Langsam fand Frau Heller Gefallen an der Idee. »Wir bräuchten eine zweite Zapfstelle für Bier«, überlegte sie. »Ein Griller lässt sich problemlos beschaffen. Für die Musik nehmen wir einen Harmonikaspieler und dazu einen Gitarristen, das ist nicht so laut und stimmt die Nachbarn friedlich. Bleibt die Frage, ob die Inneneinrichtung des Kaffeehauses dazu passt.«

»Die Stühle und die kleinen, runden Marmortische müssen für diesen einen Tag weg«, befand Wondratschek. »Stattdessen besorgen wir Langtische und Bänke. Die sind dann das Tüpfelchen auf dem I!«

Die beiden hatten sich in eine derartige Begeisterung für das kommende Ereignis hineingesteigert, dass sie Leopold nicht bemerkten, der im Begriff war, seinen Dienst anzutreten, und die letzten Sätze mitverfolgt hatte. »Ist dann vielleicht auch Selbstbedienung? Das wäre mir sehr recht, denn da bräuchte ich gar nicht zu kommen«, bemerkte er sarkastisch.

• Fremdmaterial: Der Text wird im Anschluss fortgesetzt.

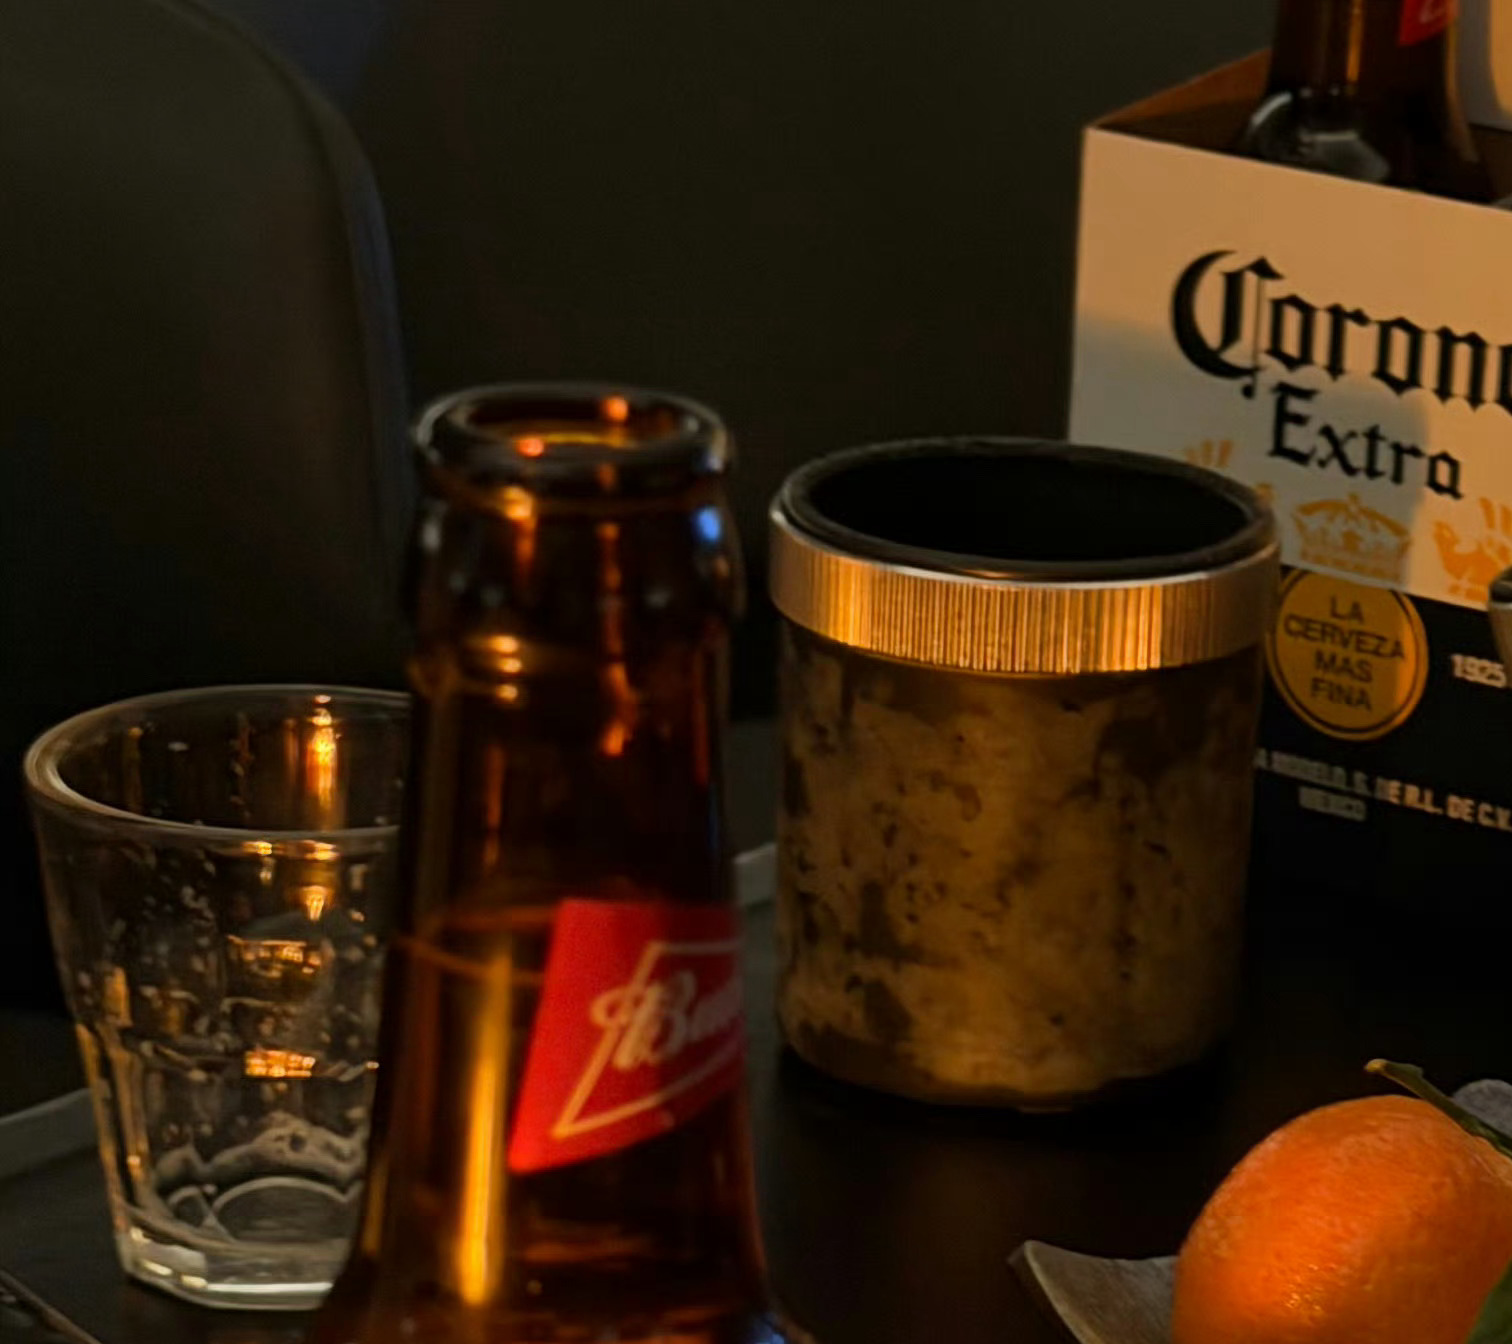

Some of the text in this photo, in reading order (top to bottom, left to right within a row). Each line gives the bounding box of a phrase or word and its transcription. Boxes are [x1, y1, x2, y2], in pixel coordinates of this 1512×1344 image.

»Auf Sie als Oberkellner können wir keinesfalls verzichten«, merkte Wondratschek an.

»Lederhose besitze ich dafür leider keine«, maunzte Leopold.

»Aber das macht doch nichts! Natürlich soll die Kaffeehausstimmung nicht zu kurz kommen, und da brauchen wir Sie und Herrn Waldbauer in Ihrer normalen Berufskleidung«, redete Frau Heller auf ihn ein.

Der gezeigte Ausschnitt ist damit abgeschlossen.